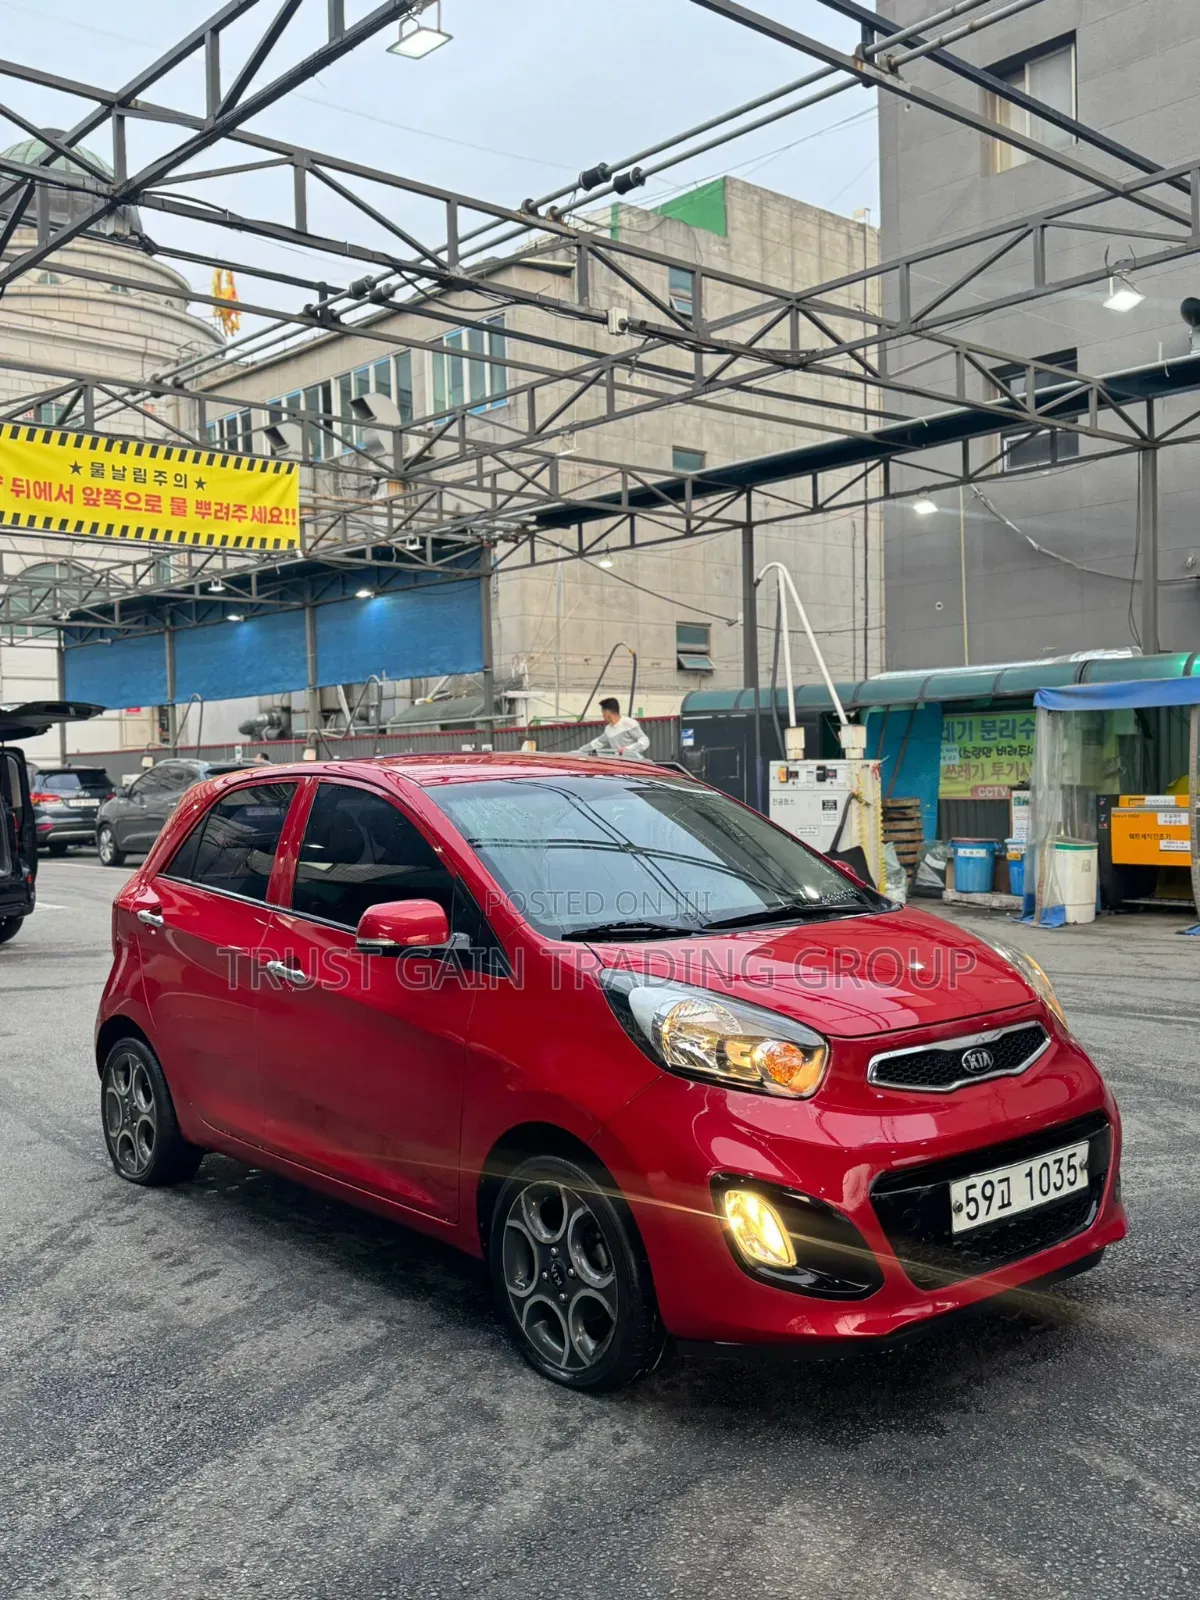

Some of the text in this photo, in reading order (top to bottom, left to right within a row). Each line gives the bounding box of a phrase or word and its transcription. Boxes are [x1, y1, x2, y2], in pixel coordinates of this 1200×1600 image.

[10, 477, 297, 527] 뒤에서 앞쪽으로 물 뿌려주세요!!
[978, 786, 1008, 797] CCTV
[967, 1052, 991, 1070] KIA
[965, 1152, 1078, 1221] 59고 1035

TASK DESCRIPTION →
Repeat the data exactly as given. Keep every picture out of the copy.

ANSWER TO THIS EXERCISE →
Some of the text in this photo, in reading order (top to bottom, left to right within a row). Each line gives the bounding box of a phrase or word and its transcription. Boxes are [x1, y1, x2, y2], in pixel coordinates of this 1200×1600 image.

[10, 477, 297, 527] 뒤에서 앞쪽으로 물 뿌려주세요!!
[978, 786, 1008, 797] CCTV
[967, 1052, 991, 1070] KIA
[965, 1152, 1078, 1221] 59고 1035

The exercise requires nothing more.